Très chers frères: les Cubains ont besoin de force intérieure, de paix profonde et de la joie qui jaillit de l'« Evangile de la souffrance ». Offrez tout cela avec générosité, afin que Cuba « voit Dieu face à face », c'est-à-dire afin que le pays marche à la lumière de son Visage vers le Royaume éternel et universel, pour que chaque Cubain, du plus profond de son être, puisse dire: « Je sais, moi, que mon défenseur est vivant » (Jb 19,25-26). Celui-ci n'est autre que Jésus-Christ, Notre Sauveur.

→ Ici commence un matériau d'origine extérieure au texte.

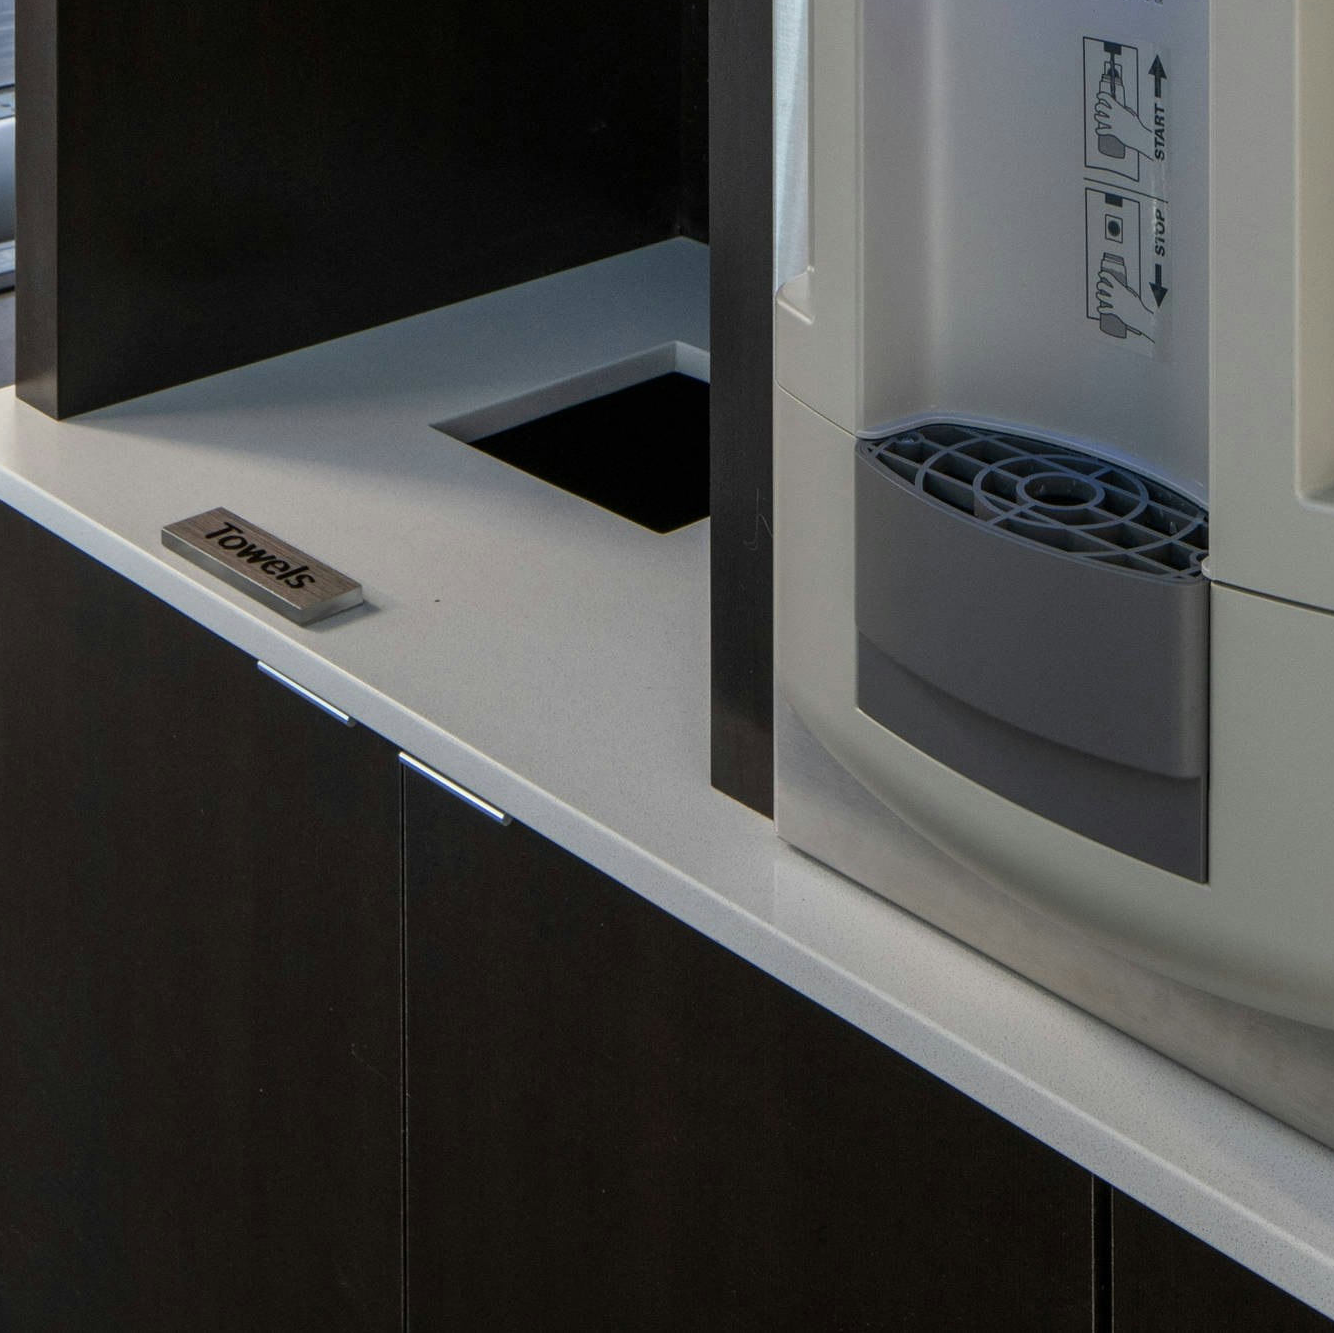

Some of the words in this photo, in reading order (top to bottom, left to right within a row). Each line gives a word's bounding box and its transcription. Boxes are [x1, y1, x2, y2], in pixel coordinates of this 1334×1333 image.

4. La dimension chrétienne de la souffrance ne se réduit pas seulement à sa signification profonde et à son caractère rédempteur. La douleur invite à l'amour, c'est-à-dire qu'elle doit engendrer solidarité, dévouement, générosité chez ceux qui souffrent et chez ceux qui se sentent appelés à les assister et à les aider dans leurs souffrances. La parabole du Bon Samaritain (cf. Lc 10,29 et sq.), qui nous présente l'Evangile de la solidarité envers le prochain qui souffre, « est devenue un des éléments essentiels de la culture morale et de la civilisation universellement humaine » (Salvifici doloris, n. 29). En effet, dans cette parabole, Jésus nous enseigne que le prochain est celui que nous rencontrons sur notre chemin, blessé et ayant besoin d'aide: il doit être soutenu dans les maux qui l'affligent, à l'aide des moyens adaptés, et il faut s'occuper de lui jusqu'à sa guérison complète. La famille, l'école, les autres institutions éducatives, ne serait-ce que pour des raisons humanitaires, doivent oeuvrer avec persévérance à l'éveil et à l'affinement de la sensibilité envers le prochain et sa souffrance, dont la figure du Samaritain est le symbole. L'éloquence de la parabole du Bon Samaritain et de l'Evangile tout entier se résume à ceci: l'homme doit se sentir appelé à titre personnel à être le témoin de l'amour dans la douleur. « Les institutions sont très importantes et indispensables; cependant, aucune institution ne peut par elle-même remplacer le coeur humain, la compassion humaine, l'amour humain, l'initiative humaine, lorsqu'il s'agit d'aller à la rencontre de la souffrance d'autrui » (Ibid., n. 29).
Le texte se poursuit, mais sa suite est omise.